Pictures should be left out while the data beneath this task is written out word for word.
┄┄┄┄┄┄┄┄┄┄
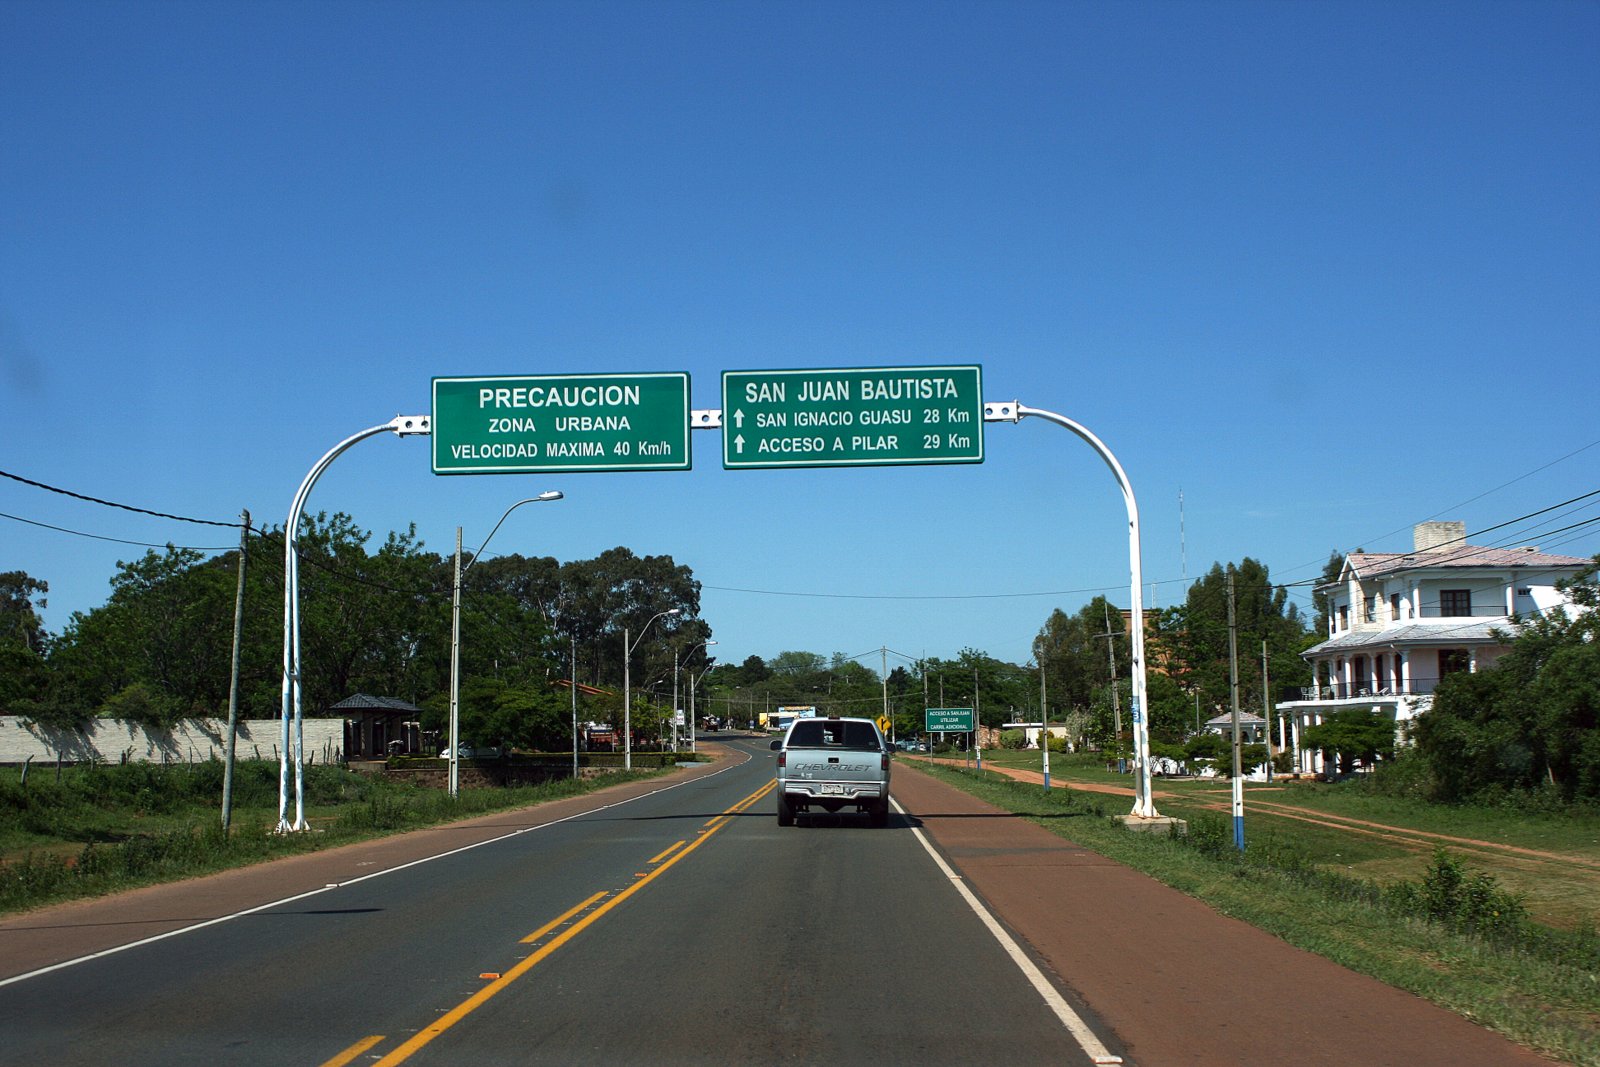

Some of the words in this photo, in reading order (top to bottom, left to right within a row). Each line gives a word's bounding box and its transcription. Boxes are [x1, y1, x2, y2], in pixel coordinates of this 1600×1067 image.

[479, 385, 640, 409] PRECAUCION
[745, 382, 786, 403] SAN
[797, 380, 850, 402] JUAN
[861, 378, 958, 401] BAUTISTA
[488, 417, 536, 433] ZONA
[555, 416, 631, 432] URBANA
[756, 412, 787, 428] SAN
[794, 410, 853, 426] IGNACIO
[860, 409, 912, 425] GUASU
[923, 409, 940, 424] 28
[948, 408, 970, 423] Km
[451, 443, 538, 459] VELOCIDAD
[546, 441, 604, 457] MAXIMA
[613, 441, 631, 456] 40
[639, 440, 671, 456] Km/h
[758, 437, 825, 453] ACCESO
[832, 436, 844, 451] A
[852, 436, 899, 451] PILAR
[923, 434, 941, 449] 29
[948, 434, 970, 449] Km
[794, 763, 873, 772] CHEVROLET
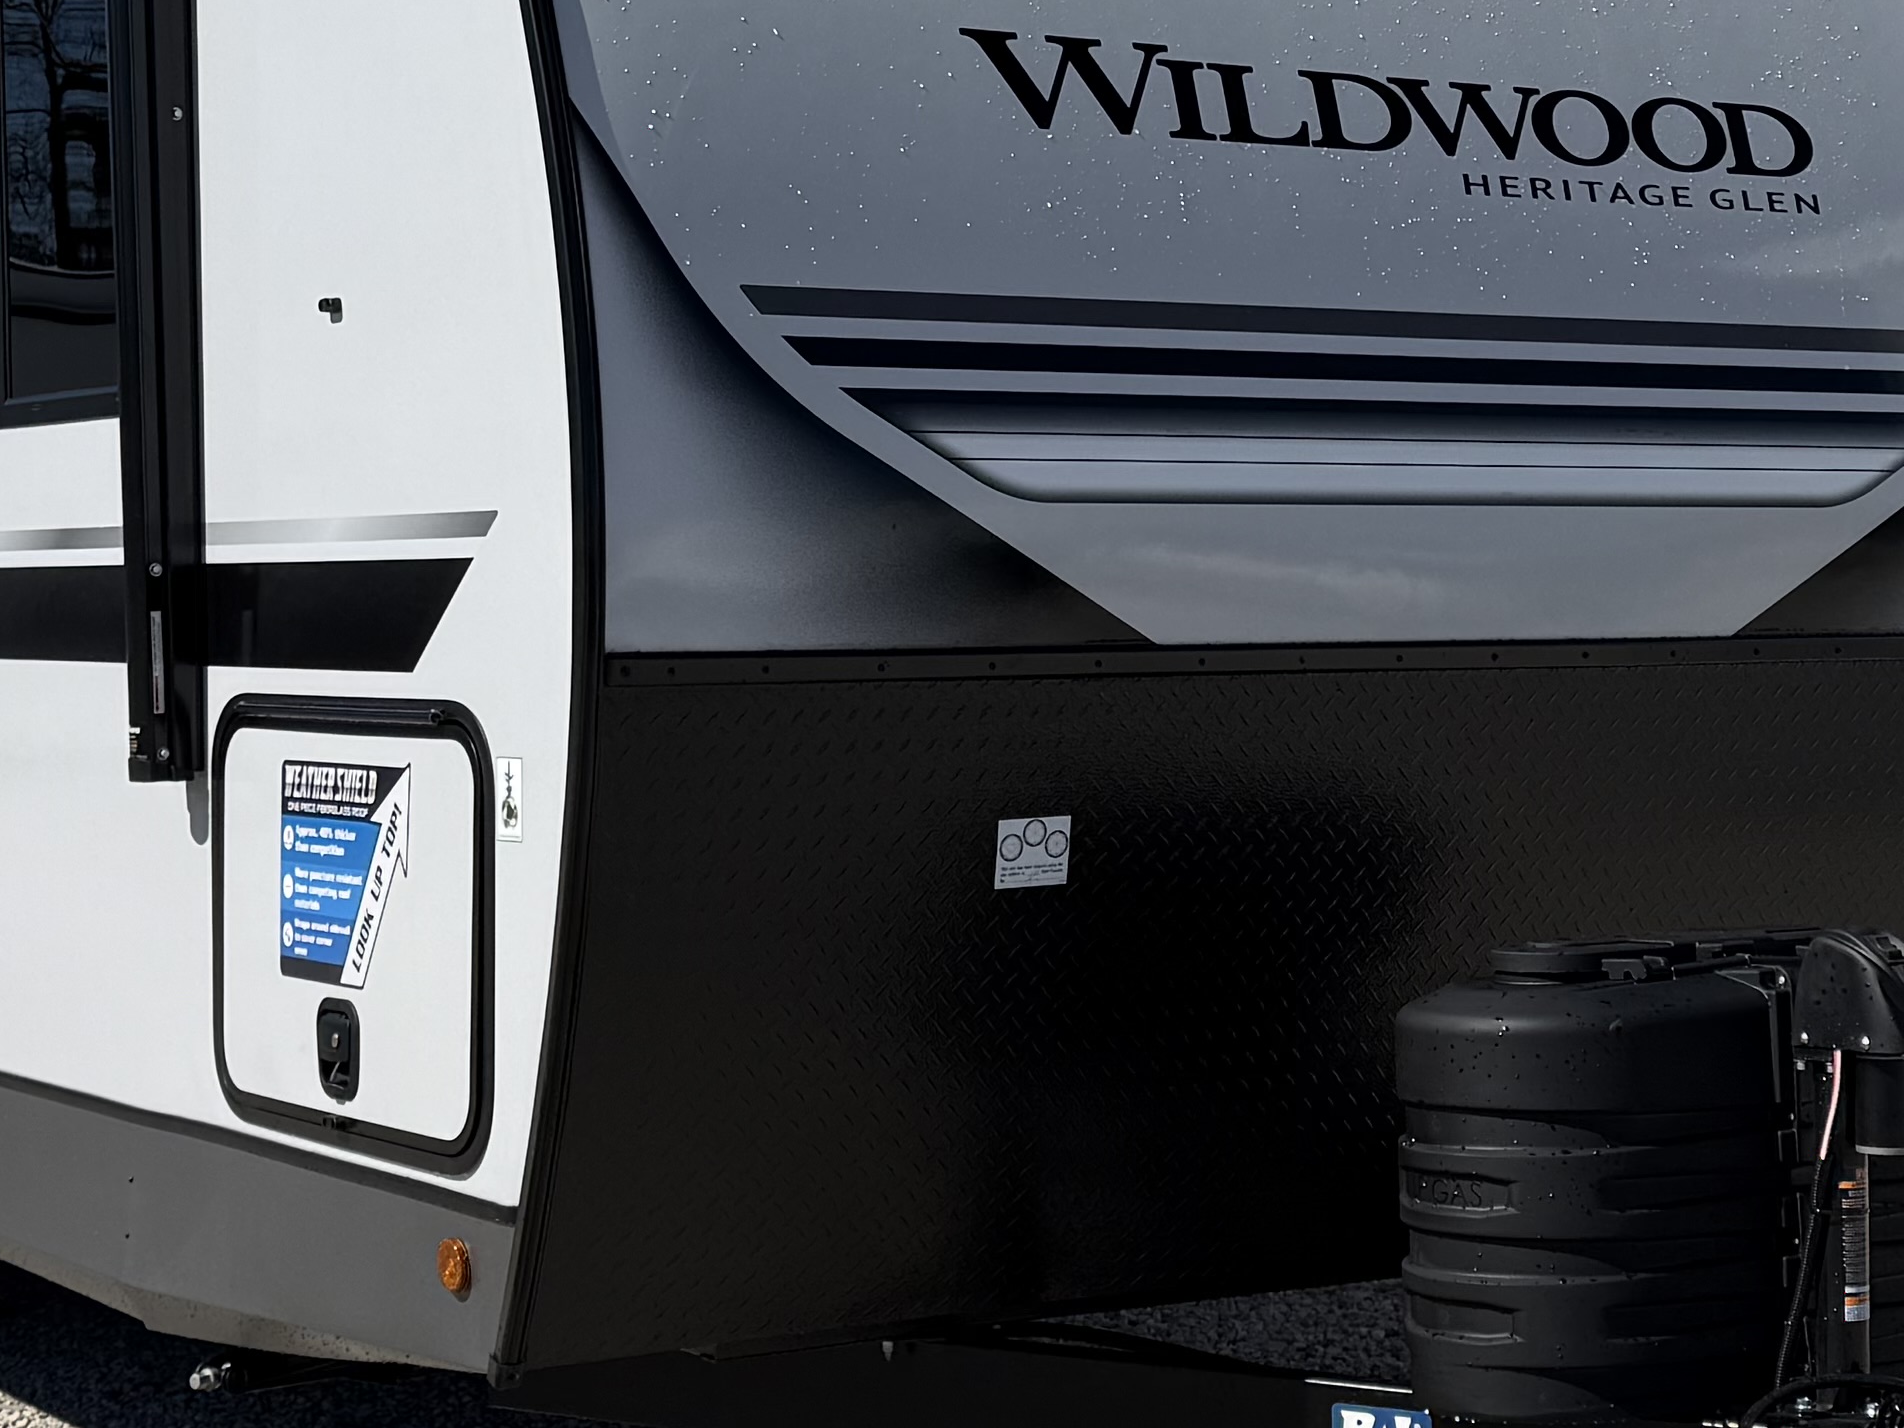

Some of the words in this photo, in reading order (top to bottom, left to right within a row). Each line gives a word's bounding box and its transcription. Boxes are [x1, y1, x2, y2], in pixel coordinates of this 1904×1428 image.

[958, 27, 1815, 178] WILDWOOD
[1462, 173, 1694, 209] HERITAGE
[1709, 188, 1821, 215] GLEN
[352, 907, 374, 974] LOOK
[370, 865, 383, 903] UP
[381, 802, 402, 859] TOP!
[1432, 1178, 1483, 1207] GAS
┄┄┄┄┄┄┄┄┄┄
#### Your response:
Some of the words in this photo, in reading order (top to bottom, left to right within a row). Each line gives a word's bounding box and its transcription. Boxes are [x1, y1, x2, y2], in pixel coordinates of this 1600×1067 image.

[479, 385, 640, 409] PRECAUCION
[745, 382, 786, 403] SAN
[797, 380, 850, 402] JUAN
[861, 378, 958, 401] BAUTISTA
[488, 417, 536, 433] ZONA
[555, 416, 631, 432] URBANA
[756, 412, 787, 428] SAN
[794, 410, 853, 426] IGNACIO
[860, 409, 912, 425] GUASU
[923, 409, 940, 424] 28
[948, 408, 970, 423] Km
[451, 443, 538, 459] VELOCIDAD
[546, 441, 604, 457] MAXIMA
[613, 441, 631, 456] 40
[639, 440, 671, 456] Km/h
[758, 437, 825, 453] ACCESO
[832, 436, 844, 451] A
[852, 436, 899, 451] PILAR
[923, 434, 941, 449] 29
[948, 434, 970, 449] Km
[794, 763, 873, 772] CHEVROLET

Some of the words in this photo, in reading order (top to bottom, left to right within a row). Each line gives a word's bounding box and its transcription. Boxes are [x1, y1, x2, y2], in pixel coordinates of this 1904×1428 image.

[958, 27, 1815, 178] WILDWOOD
[1462, 173, 1694, 209] HERITAGE
[1709, 188, 1821, 215] GLEN
[352, 907, 374, 974] LOOK
[370, 865, 383, 903] UP
[381, 802, 402, 859] TOP!
[1432, 1178, 1483, 1207] GAS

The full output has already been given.